A form is a document which contains blank spaces (also named fields or placeholders) in which one can write or select an option. Forms can be distributed to several signatories at once, or made available on demand. Before being filled out, each copy of a form is usually identical, except, possibly, for a serial number. A form allows an organisation to collect a uniform set of data from many parties in a consistent manner.

Forms, when completed, vary in their purpose; for example, a form might be a statement, a request, or an order. A cheque may also be considered a form. In addition, there are several forms for taxes. An example is a tax return; filling one out is required in order for the amount of tax one owes to be determined. A form may also be a request for a tax refund.

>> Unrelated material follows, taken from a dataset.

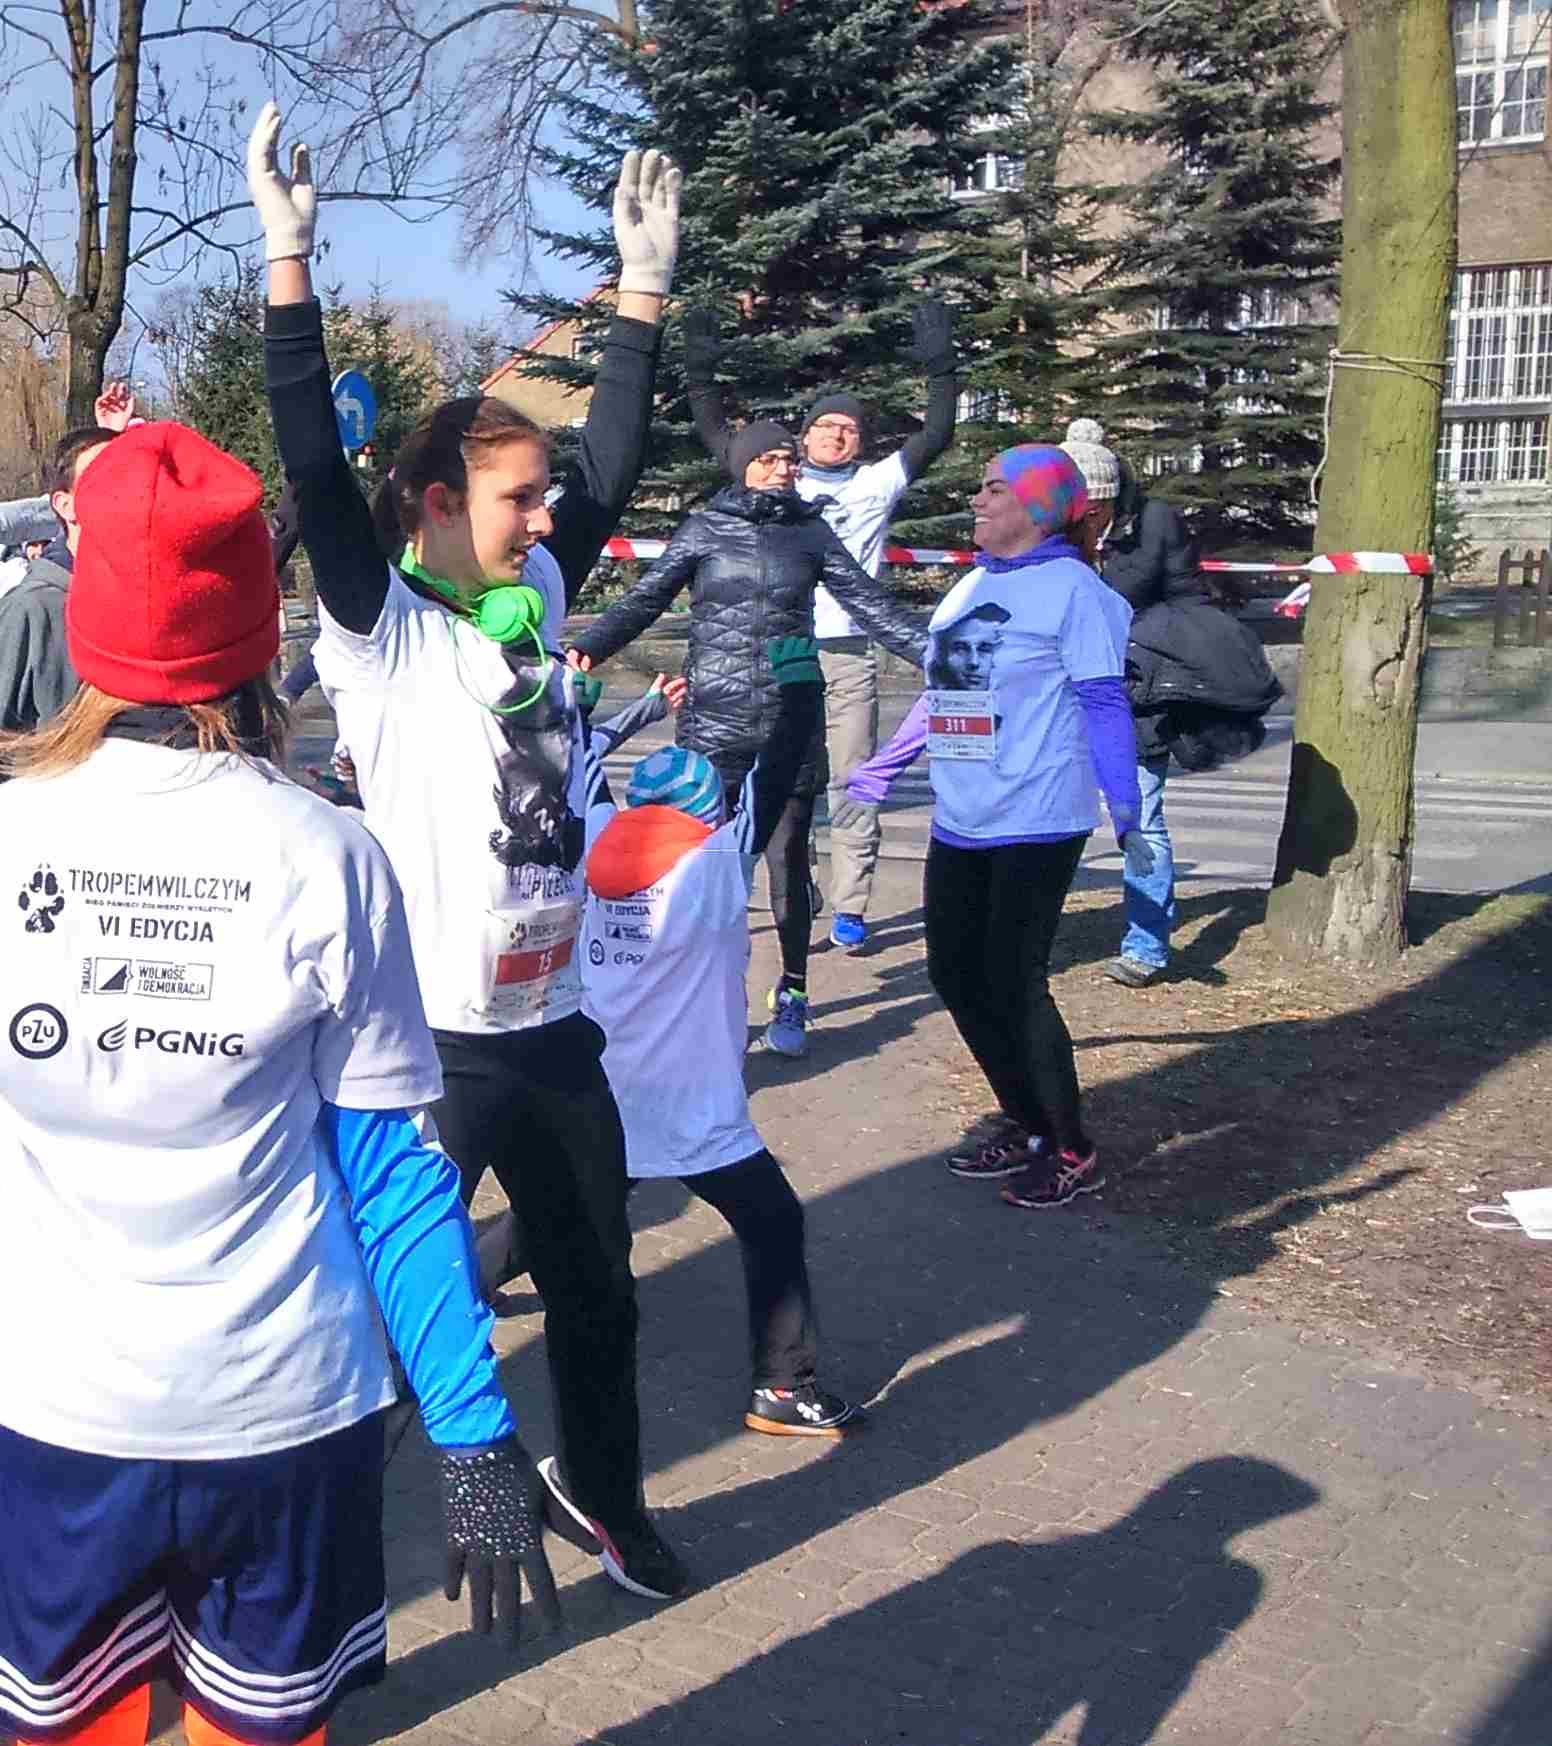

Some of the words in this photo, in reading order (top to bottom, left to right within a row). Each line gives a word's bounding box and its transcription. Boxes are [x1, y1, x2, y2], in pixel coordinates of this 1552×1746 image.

Forms may be filled out in duplicate (or triplicate, meaning three times) when the information gathered on the form needs to be distributed to several departments within an organisation. This can be done using carbon paper.

== History ==
Forms have existed for a significant amount of time, with historians of law having discovered preprinted legal forms from the early 19th century that greatly simplified the task of drafting complaints and various other legal pleadings.

== Advantages ==
Advantages of forms include the following:
- One has to write less (while the printing is almost universally done in some automatic way).
- One is told or reminded what information has to be supplied.
- There is uniformity, for convenience in processing.
- Information is collected in writing and so can be reexamined later (the form can also include a signature field to allow someone to take responsibility for the accuracy of the information provided).
- Simpler tasks, such as collecting or distributing data, can be separated in the workflow from more skilled processes, such as making decisions. Issuing and processing the forms may then be done by less skilled staff, or by a computer. The de-skilled task becomes issuing or completing the appropriate form for the circumstances, and then passing it on to the next step in the workflow. This might reduce costs and increase the volume of work that can be handled.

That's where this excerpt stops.